TASK DESCRIPTION:
Whenever a line below includes the string "HAPPY", show it.

RECORDED DATA:

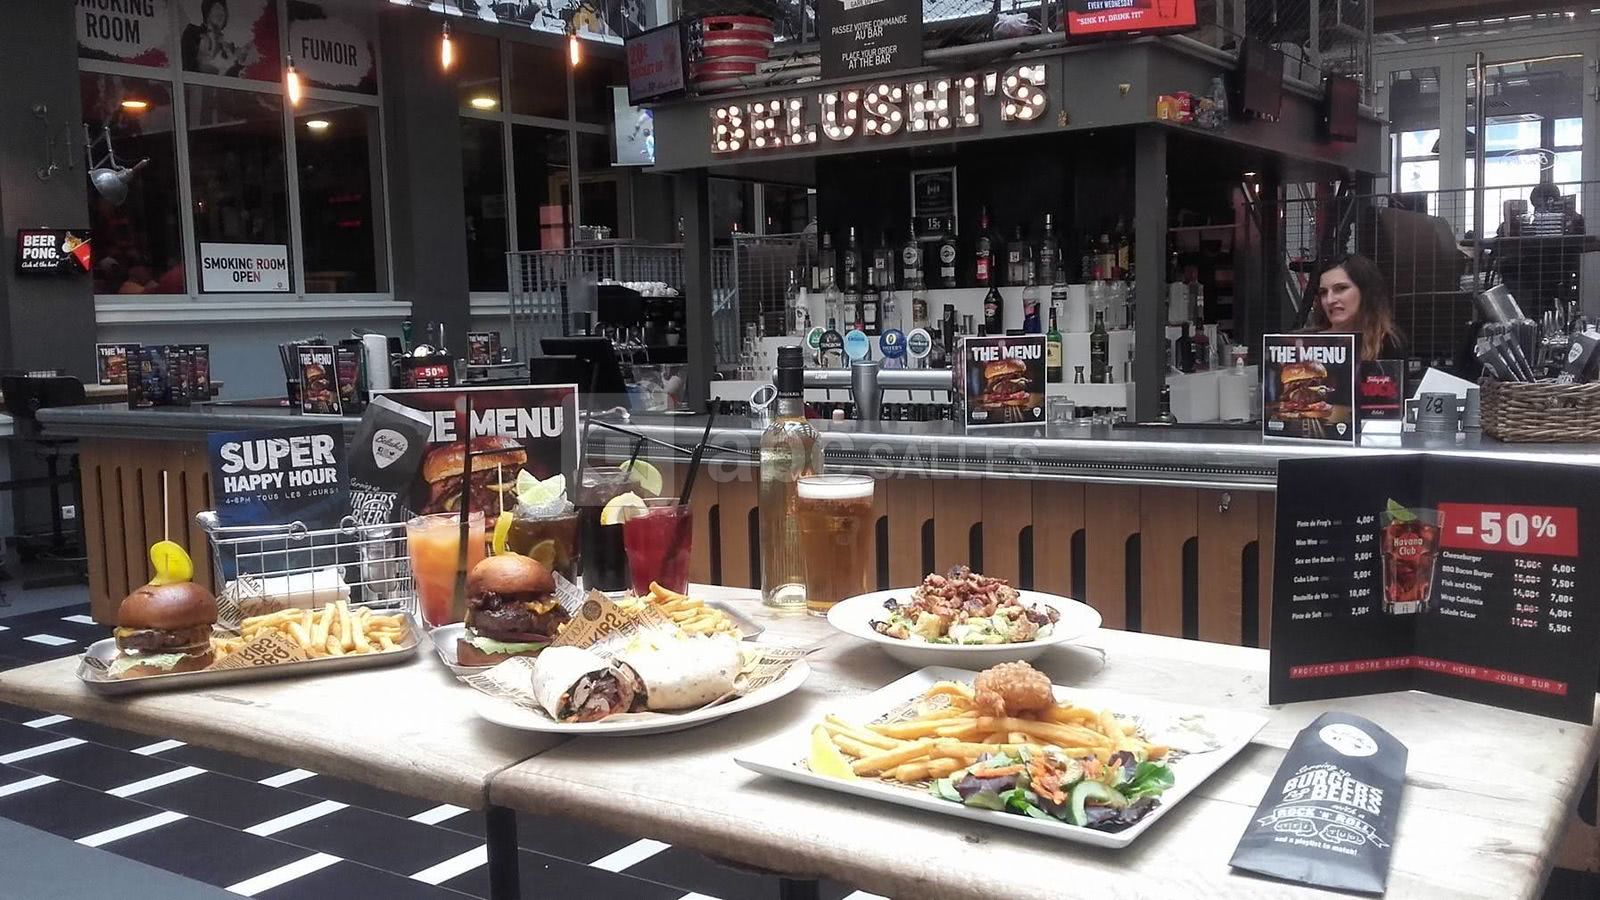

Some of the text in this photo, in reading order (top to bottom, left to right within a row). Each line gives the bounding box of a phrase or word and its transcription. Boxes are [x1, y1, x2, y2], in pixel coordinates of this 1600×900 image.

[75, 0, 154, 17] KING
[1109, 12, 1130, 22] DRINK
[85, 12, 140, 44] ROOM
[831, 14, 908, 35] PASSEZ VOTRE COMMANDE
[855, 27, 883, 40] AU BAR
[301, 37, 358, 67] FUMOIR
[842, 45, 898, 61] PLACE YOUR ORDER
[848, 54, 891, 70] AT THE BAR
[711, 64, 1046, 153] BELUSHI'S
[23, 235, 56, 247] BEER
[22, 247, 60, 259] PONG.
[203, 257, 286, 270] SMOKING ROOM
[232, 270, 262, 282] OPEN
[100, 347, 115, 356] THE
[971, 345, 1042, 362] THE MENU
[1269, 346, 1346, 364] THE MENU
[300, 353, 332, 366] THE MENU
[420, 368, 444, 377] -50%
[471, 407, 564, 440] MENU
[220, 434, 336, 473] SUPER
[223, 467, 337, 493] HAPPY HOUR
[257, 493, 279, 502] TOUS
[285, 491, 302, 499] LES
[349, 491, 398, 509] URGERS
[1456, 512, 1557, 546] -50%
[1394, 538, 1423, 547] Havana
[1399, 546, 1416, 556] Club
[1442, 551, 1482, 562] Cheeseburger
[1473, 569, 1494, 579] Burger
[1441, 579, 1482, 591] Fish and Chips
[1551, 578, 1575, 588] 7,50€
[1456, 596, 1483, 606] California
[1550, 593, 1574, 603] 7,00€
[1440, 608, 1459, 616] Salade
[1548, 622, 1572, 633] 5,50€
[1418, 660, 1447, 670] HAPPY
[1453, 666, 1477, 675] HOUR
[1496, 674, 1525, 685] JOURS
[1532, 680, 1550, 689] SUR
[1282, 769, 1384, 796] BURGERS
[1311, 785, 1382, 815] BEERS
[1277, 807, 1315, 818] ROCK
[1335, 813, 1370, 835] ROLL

THE ANSWER:
[223, 467, 337, 493] HAPPY HOUR
[1418, 660, 1447, 670] HAPPY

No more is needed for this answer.